Le débat du 28 mai 2026 s'inscrit dans un contexte particulièrement riche : à l'échelle nationale et en région parisienne, la danse s'impose progressivement au cœur des institutions muséales. Parmi les initiatives récentes les plus marquantes figurent la programmation hors-les-murs du Centre national de la danse au Palais de Tokyo et aux Magasins Généraux, l'invitation de la compagnie d'Angelin Preljocaj au musée d'Orsay, ou encore les soirées du Ballet de l'Opéra national de Paris au musée du Louvre. Autant d'exemples qui témoignent d'un dialogue renouvelé entre art vivant et institutions patrimoniales. Pour retrouver d'autres conférences et débats à Paris, l'agenda de jds.fr recense les événements à ne pas manquer dans la capitale.
Longtemps tenue à l'écart de ces lieux dédiés aux œuvres matérielles, durables et statiques, la danse en questionne désormais les modes de présentation en introduisant le mouvement, la présence des corps et une relation directe aux publics. Ce débat se propose d'examiner les dynamiques de décloisonnement disciplinaire, les formes de dialogue entre danse, œuvres et espaces, ainsi que les modalités d'engagement des visiteurs, dans un contexte d'ouverture du musée aux pratiques collectives et aux logiques collaboratives.
Le débat réunira deux personnalités dont les parcours se situent précisément à l'intersection de la danse et du champ curatorial. Lou Forster, récemment nommé à la direction du département patrimoine, audiovisuel et éditions du Centre national de la danse (CND), est également commissaire d'exposition, historien de l'art et dramaturge.
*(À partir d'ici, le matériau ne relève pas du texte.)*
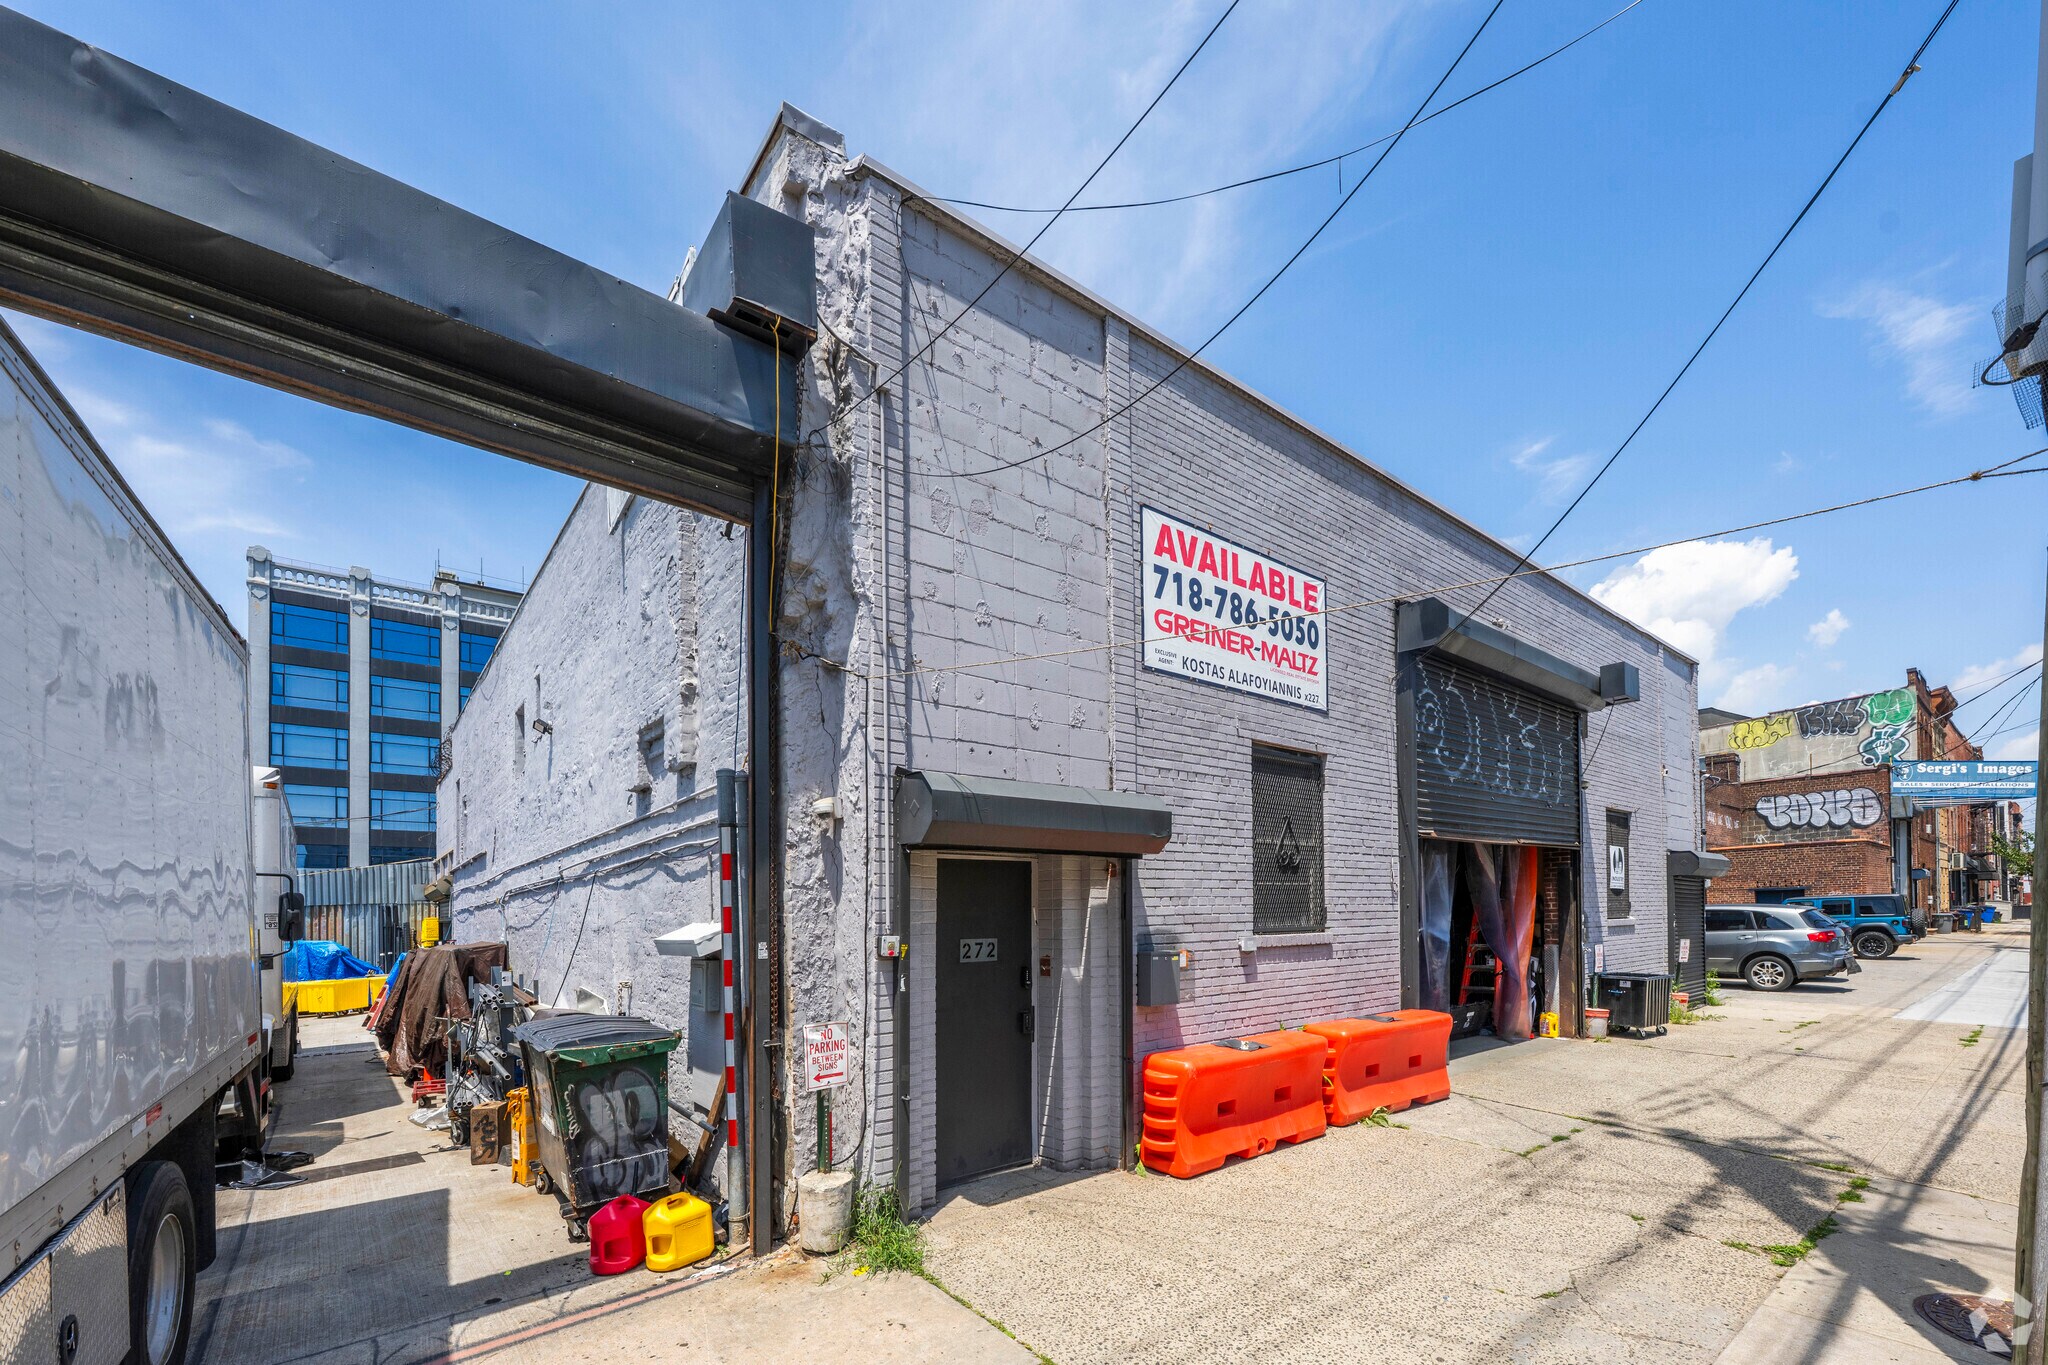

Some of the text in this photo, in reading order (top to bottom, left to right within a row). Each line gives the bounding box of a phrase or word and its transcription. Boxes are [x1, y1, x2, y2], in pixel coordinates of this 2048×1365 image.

Depuis 2016, il mène un chantier d'envergure consacré à la redécouverte de l'œuvre graphique de Lucinda Childs, dont il est le commissaire de l'exposition en trois chapitres « Lucinda Childs. danser page à la main », présentée successivement au Frac Bretagne, au Frac Franche-Comté et au Centre d'art Le Lait à Albi.
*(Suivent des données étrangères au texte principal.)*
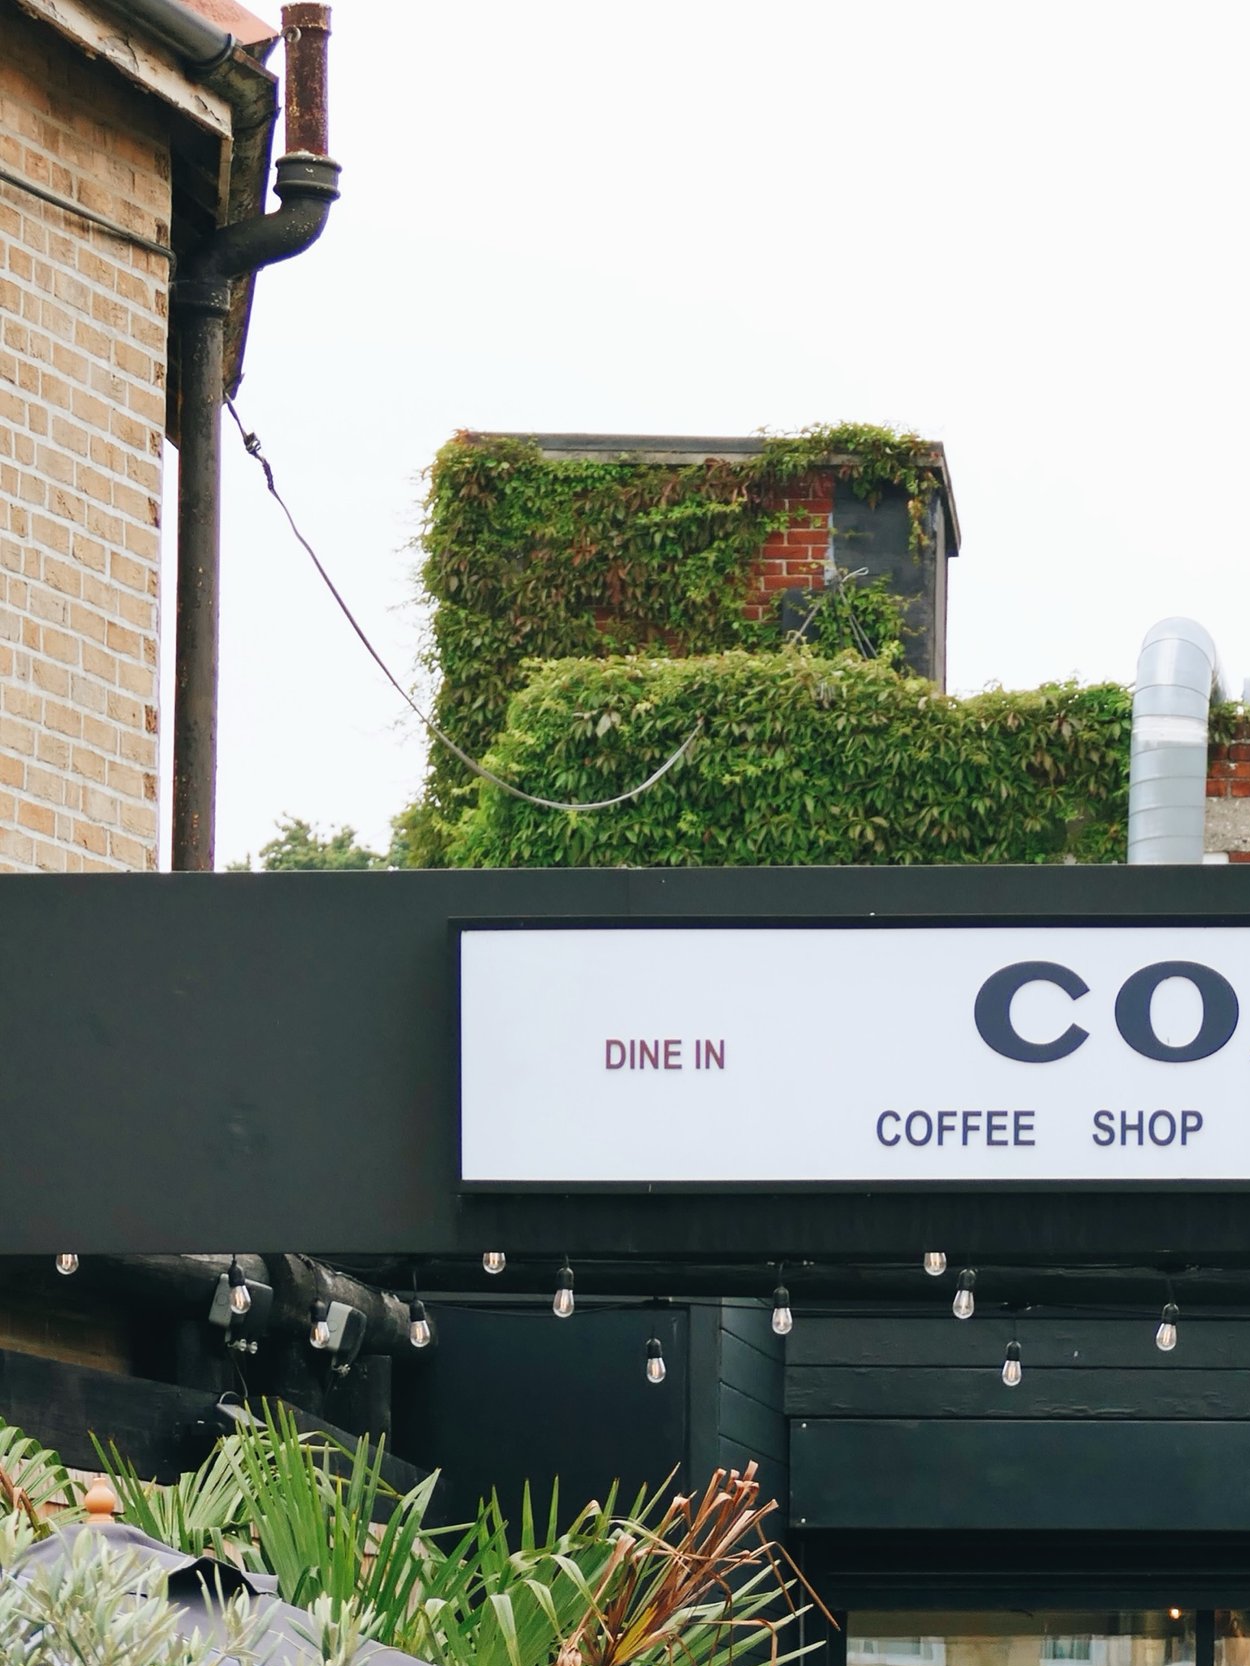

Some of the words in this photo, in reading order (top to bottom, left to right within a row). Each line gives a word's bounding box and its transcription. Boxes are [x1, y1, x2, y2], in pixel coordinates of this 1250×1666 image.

[605, 1039, 682, 1070] DINE
[695, 1039, 725, 1070] IN
[876, 1110, 1036, 1147] COFFEE
[1092, 1110, 1203, 1147] SHOP
Madeleine Planeix-Crocker est curatrice à Lafayette Anticipations, où elle est responsable de la programmation de la performance et du spectacle vivant. Co-responsable de la Chaire Troubles, alliances et esthétiques aux Beaux-Arts de Paris depuis 2021, elle y enseigne également la théorie de l'art. Diplômée de Princeton University en études culturelles, elle poursuit actuellement une thèse à l'EHESS autour des modalités du faire-ensemble dans les champs élargis de la performance contemporaine en France. Ses publications récentes paraissent dans plusieurs revues spécialisées internationales, dont CURA. et OnCurating.
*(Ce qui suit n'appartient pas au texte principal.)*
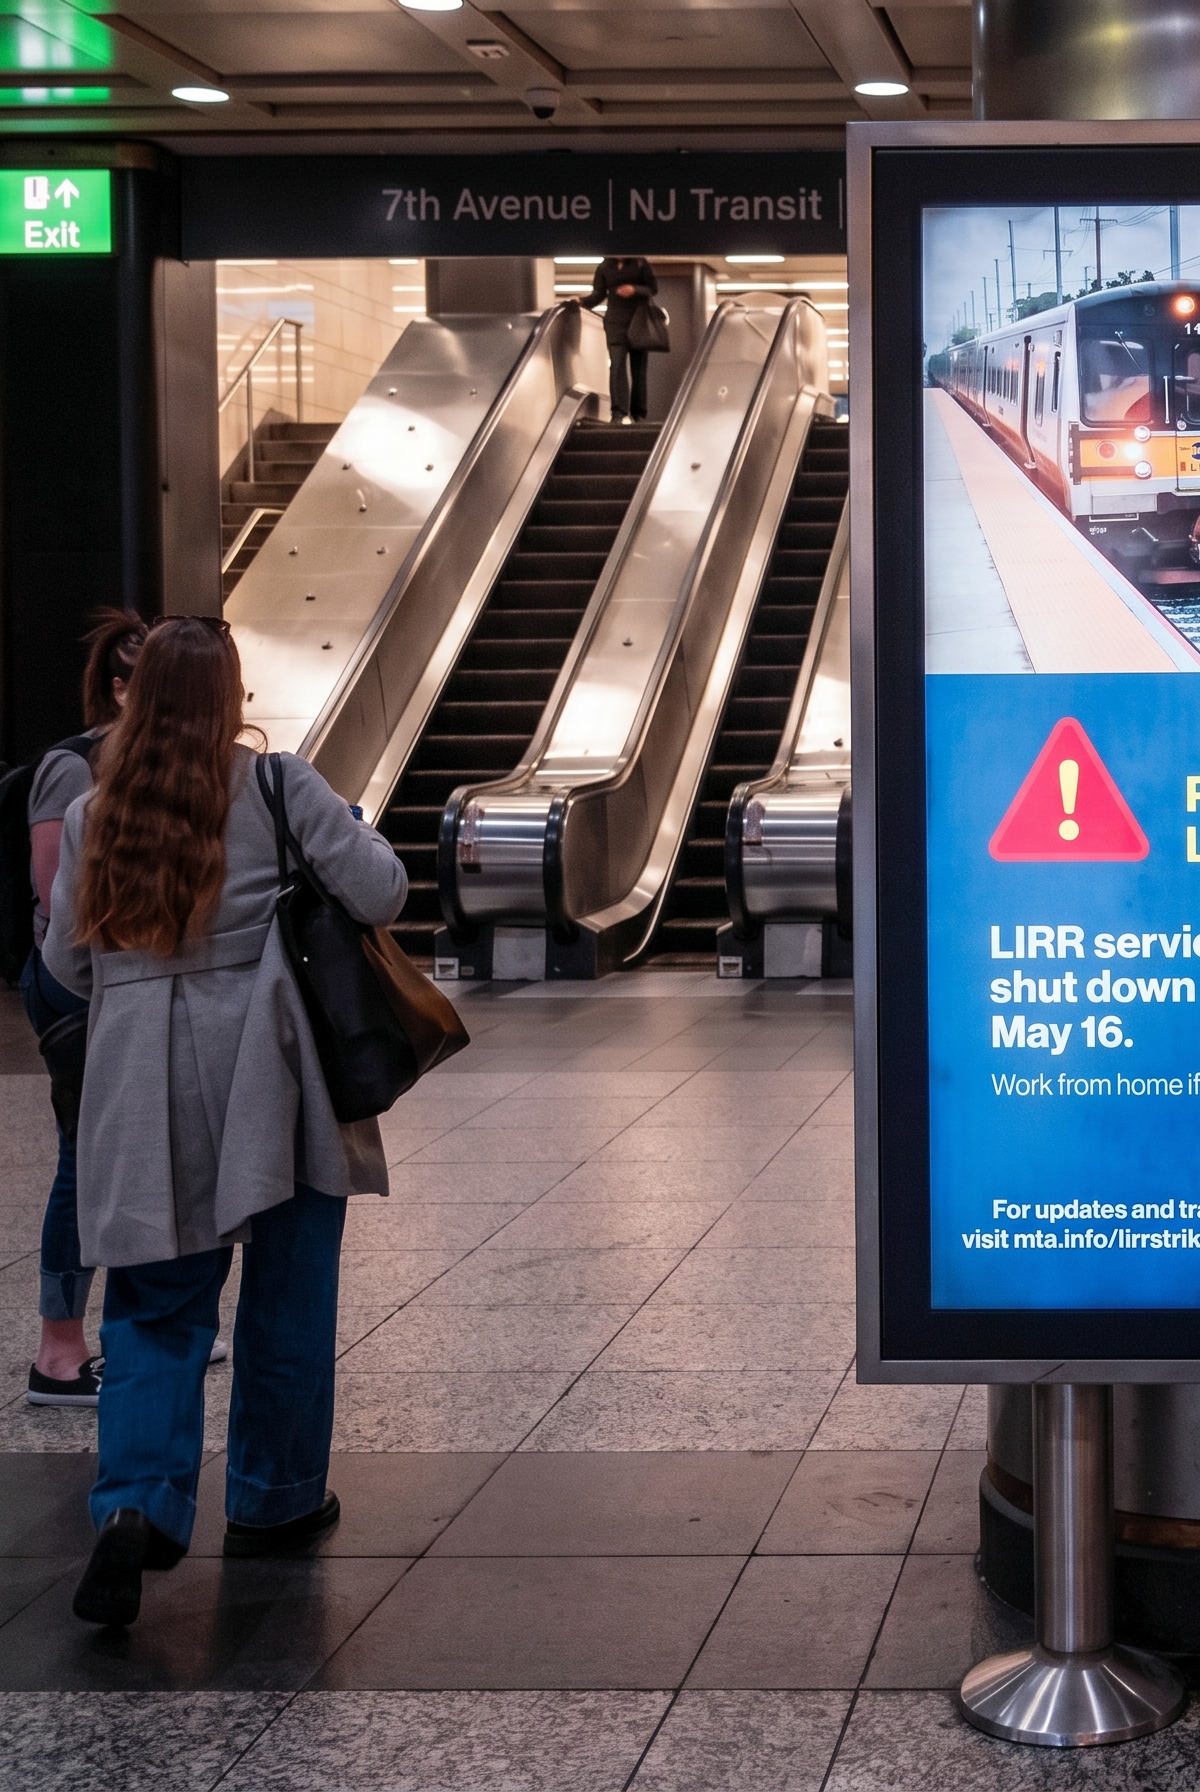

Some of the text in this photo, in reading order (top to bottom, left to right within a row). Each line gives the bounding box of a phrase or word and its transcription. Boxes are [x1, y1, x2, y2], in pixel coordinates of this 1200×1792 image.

[382, 188, 822, 221] 7th Avenue NJ Transit
[25, 221, 80, 248] Exit
[991, 926, 1084, 958] LIRR
[991, 970, 1077, 1003] shut
[1086, 970, 1195, 1003] down
[992, 1016, 1133, 1055] May 16.
[992, 1073, 1053, 1096] Work
[1058, 1073, 1111, 1095] from
[1118, 1073, 1183, 1095] home
[1189, 1072, 1200, 1094] if
[993, 1200, 1031, 1219] For
[1036, 1199, 1127, 1223] updates
[1132, 1199, 1174, 1218] and
[962, 1229, 1009, 1249] visit
La soirée sera modérée par Sonya Faure, cheffe-adjointe du service Culture de Libération, qui a auparavant dirigé pendant huit ans le service Idées du même quotidien. Ce débat sera également l'occasion d'aborder des expositions récentes qui interrogent les conditions de transmission du travail chorégraphique, parmi lesquelles « Chorégraphies. Dessiner, danser (XVIIe-XXIe siècle) » au Musée des Beaux-Arts de Besançon, « Noa Eshkol, 1924-2007. Danse et compositions » au mahJ, ou encore le cycle consacré à Lucinda Childs. Des exemples concrets qui nourriront une réflexion collective sur les nouvelles frontières entre arts vivants et espaces muséaux.